[Collected data]
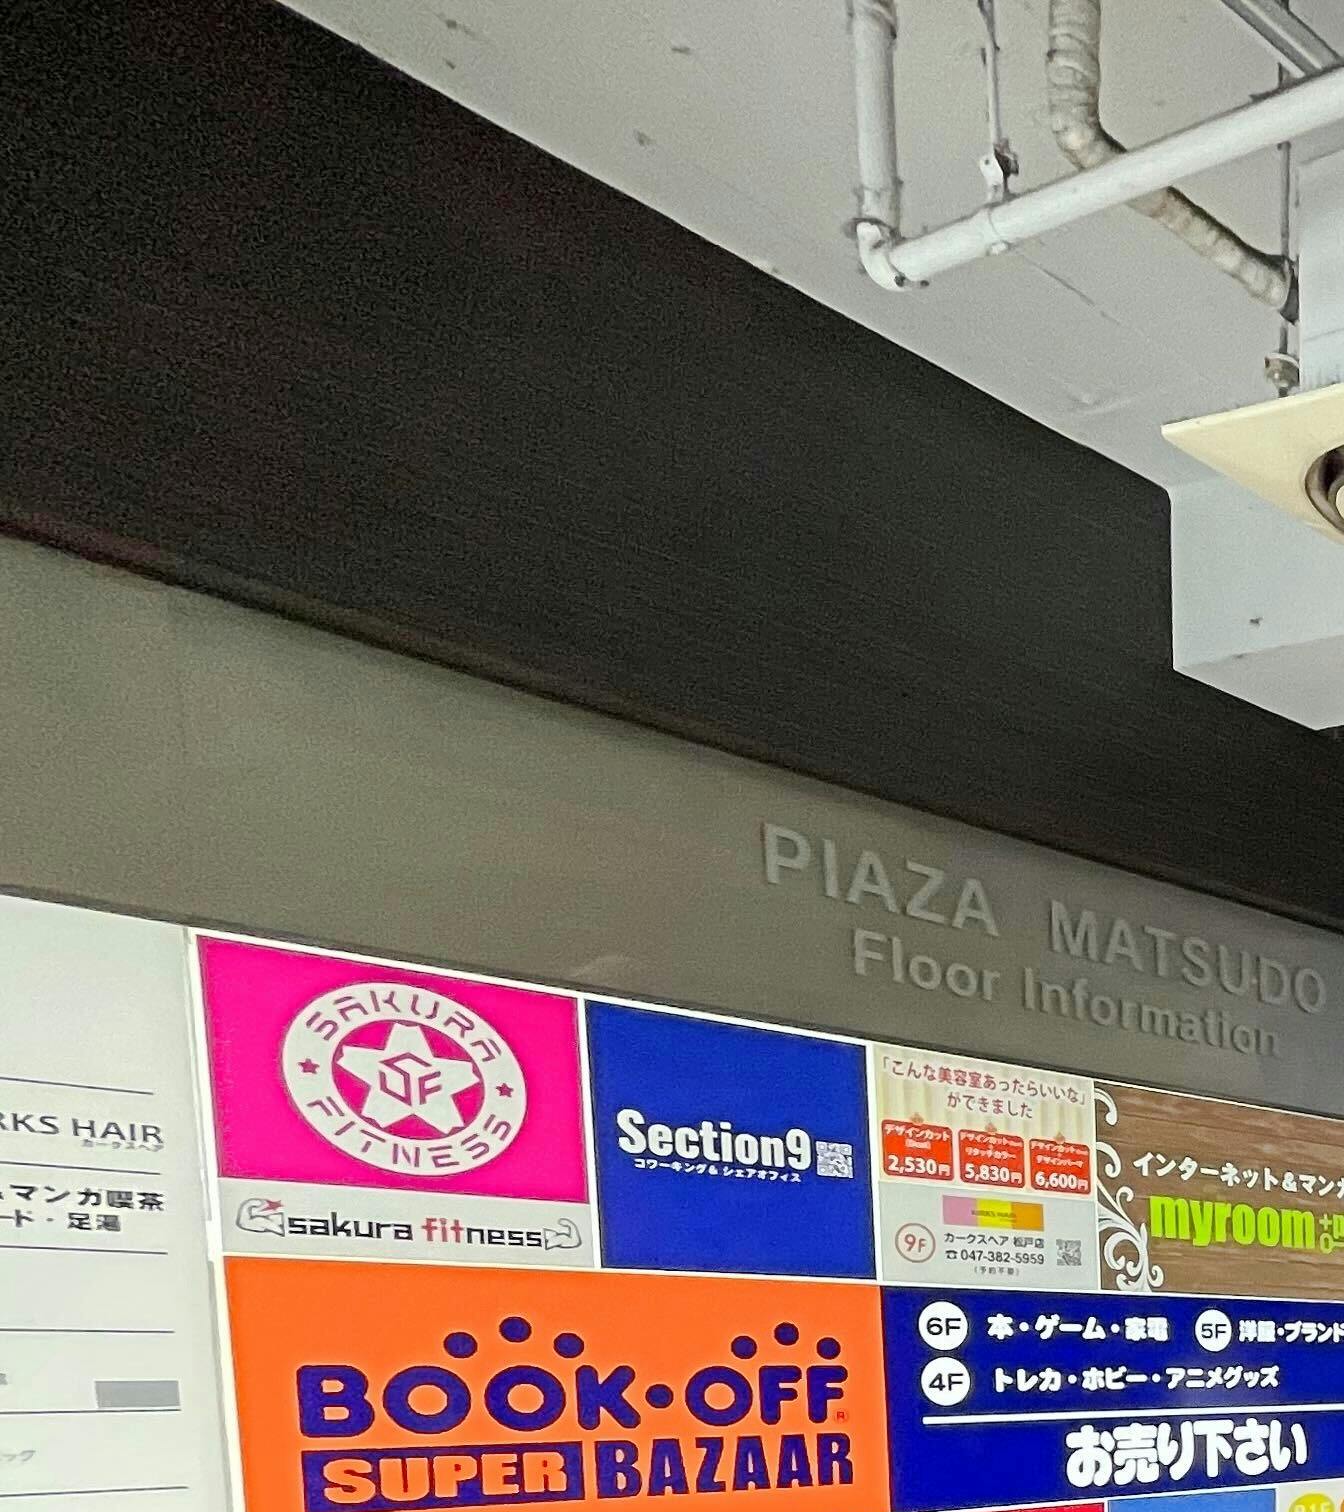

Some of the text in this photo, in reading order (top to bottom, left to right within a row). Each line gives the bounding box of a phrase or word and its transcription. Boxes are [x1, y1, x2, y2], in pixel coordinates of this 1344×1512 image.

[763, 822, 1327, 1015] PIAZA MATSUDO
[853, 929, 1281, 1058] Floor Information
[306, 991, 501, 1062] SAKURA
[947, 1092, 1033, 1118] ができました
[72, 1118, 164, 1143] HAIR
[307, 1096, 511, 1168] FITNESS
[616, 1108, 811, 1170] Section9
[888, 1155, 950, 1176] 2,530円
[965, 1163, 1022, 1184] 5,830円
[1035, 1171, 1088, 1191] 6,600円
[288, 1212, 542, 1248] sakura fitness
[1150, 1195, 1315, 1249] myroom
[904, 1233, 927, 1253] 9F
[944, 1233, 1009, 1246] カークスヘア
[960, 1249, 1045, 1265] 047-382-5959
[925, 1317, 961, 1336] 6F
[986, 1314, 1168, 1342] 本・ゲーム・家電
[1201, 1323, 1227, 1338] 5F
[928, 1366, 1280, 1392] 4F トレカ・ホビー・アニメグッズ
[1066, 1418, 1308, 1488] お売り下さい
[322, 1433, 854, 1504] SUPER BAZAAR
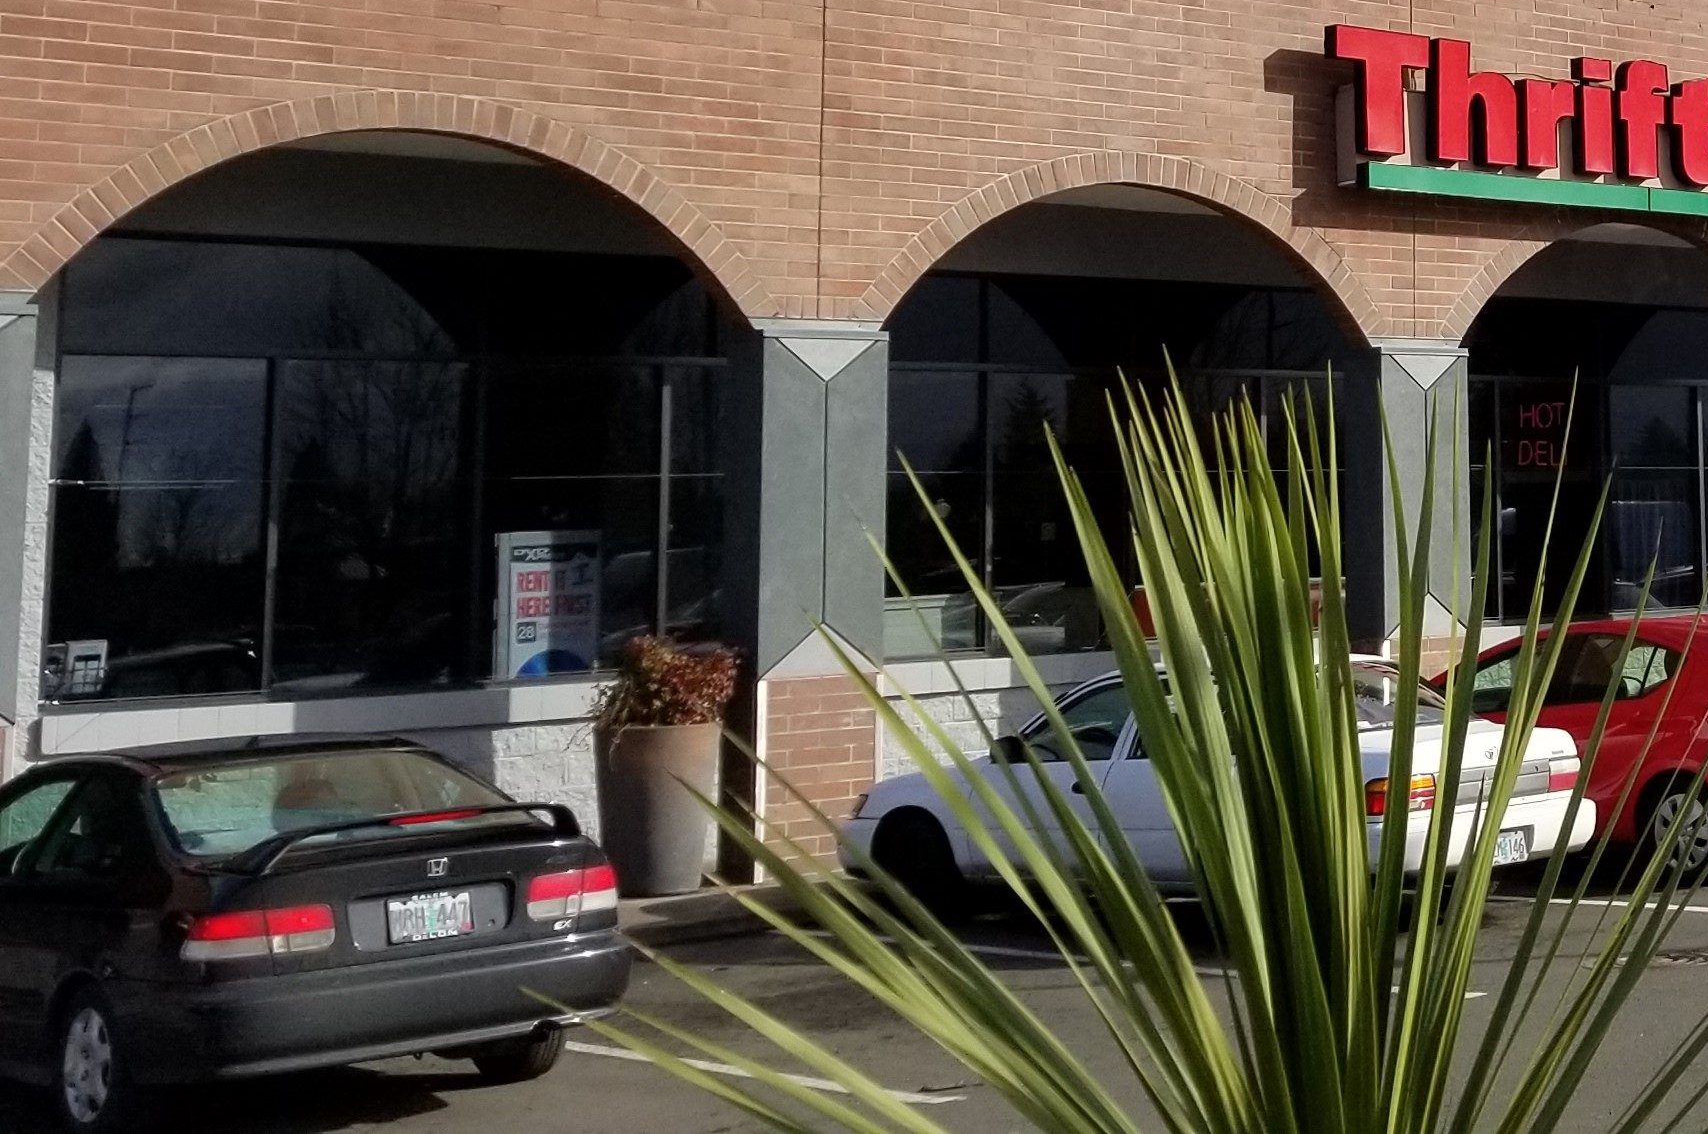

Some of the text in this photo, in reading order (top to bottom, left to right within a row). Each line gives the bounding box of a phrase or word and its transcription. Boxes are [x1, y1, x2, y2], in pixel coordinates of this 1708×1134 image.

● **Your goal**
An exact copy of every line above is needed, without the images.

● **Output for this exercise**
Some of the text in this photo, in reading order (top to bottom, left to right within a row). Each line gives the bounding box of a phrase or word and its transcription. Boxes are [x1, y1, x2, y2], in pixel coordinates of this 1344×1512 image.

[763, 822, 1327, 1015] PIAZA MATSUDO
[853, 929, 1281, 1058] Floor Information
[306, 991, 501, 1062] SAKURA
[947, 1092, 1033, 1118] ができました
[72, 1118, 164, 1143] HAIR
[307, 1096, 511, 1168] FITNESS
[616, 1108, 811, 1170] Section9
[888, 1155, 950, 1176] 2,530円
[965, 1163, 1022, 1184] 5,830円
[1035, 1171, 1088, 1191] 6,600円
[288, 1212, 542, 1248] sakura fitness
[1150, 1195, 1315, 1249] myroom
[904, 1233, 927, 1253] 9F
[944, 1233, 1009, 1246] カークスヘア
[960, 1249, 1045, 1265] 047-382-5959
[925, 1317, 961, 1336] 6F
[986, 1314, 1168, 1342] 本・ゲーム・家電
[1201, 1323, 1227, 1338] 5F
[928, 1366, 1280, 1392] 4F トレカ・ホビー・アニメグッズ
[1066, 1418, 1308, 1488] お売り下さい
[322, 1433, 854, 1504] SUPER BAZAAR

Some of the text in this photo, in reading order (top to bottom, left to right within a row). Each line gives the bounding box of a phrase or word and its transcription. Boxes are [x1, y1, x2, y2], in pixel coordinates of this 1708×1134 image.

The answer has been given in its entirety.